*TASK OBJECTIVE:*
Give the data again exactly as written, skipping any pictures.

Text-to-region grounding data:
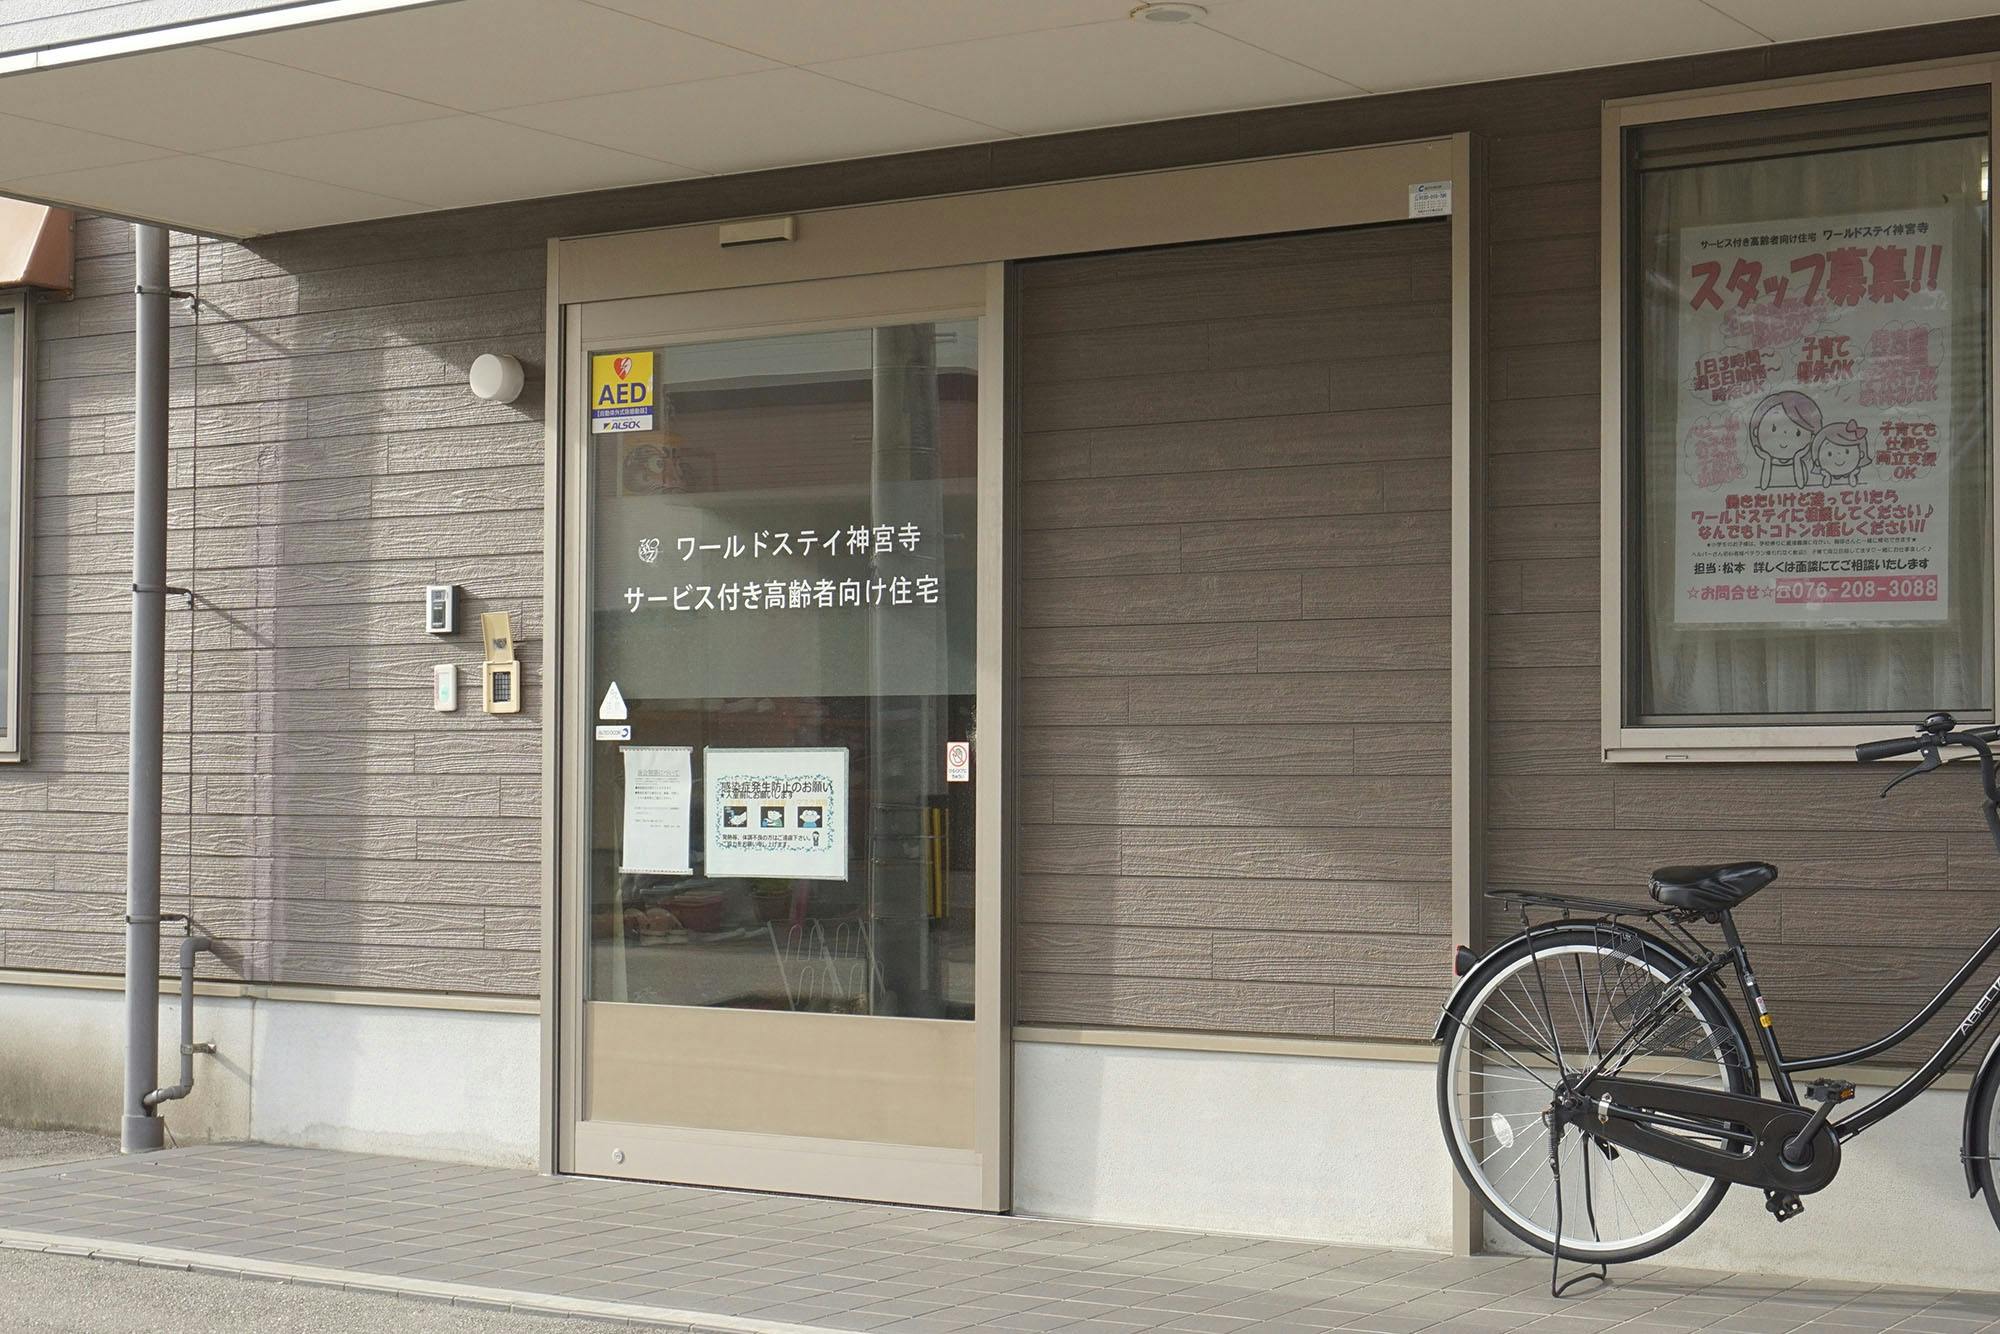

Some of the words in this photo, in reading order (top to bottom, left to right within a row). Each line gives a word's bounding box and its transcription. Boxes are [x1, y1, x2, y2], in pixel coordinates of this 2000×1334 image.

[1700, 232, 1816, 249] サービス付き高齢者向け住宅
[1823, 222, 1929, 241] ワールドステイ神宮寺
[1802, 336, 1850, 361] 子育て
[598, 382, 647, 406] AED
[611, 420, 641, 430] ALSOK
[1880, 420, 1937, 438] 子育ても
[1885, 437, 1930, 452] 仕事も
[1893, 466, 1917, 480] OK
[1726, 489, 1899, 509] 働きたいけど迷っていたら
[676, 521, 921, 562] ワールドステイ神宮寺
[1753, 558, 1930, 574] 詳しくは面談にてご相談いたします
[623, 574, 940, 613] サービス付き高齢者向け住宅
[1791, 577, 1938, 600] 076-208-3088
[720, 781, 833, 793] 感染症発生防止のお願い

*TASK SOLUTION:*
Some of the words in this photo, in reading order (top to bottom, left to right within a row). Each line gives a word's bounding box and its transcription. Boxes are [x1, y1, x2, y2], in pixel coordinates of this 2000×1334 image.

[1700, 232, 1816, 249] サービス付き高齢者向け住宅
[1823, 222, 1929, 241] ワールドステイ神宮寺
[1802, 336, 1850, 361] 子育て
[598, 382, 647, 406] AED
[611, 420, 641, 430] ALSOK
[1880, 420, 1937, 438] 子育ても
[1885, 437, 1930, 452] 仕事も
[1893, 466, 1917, 480] OK
[1726, 489, 1899, 509] 働きたいけど迷っていたら
[676, 521, 921, 562] ワールドステイ神宮寺
[1753, 558, 1930, 574] 詳しくは面談にてご相談いたします
[623, 574, 940, 613] サービス付き高齢者向け住宅
[1791, 577, 1938, 600] 076-208-3088
[720, 781, 833, 793] 感染症発生防止のお願い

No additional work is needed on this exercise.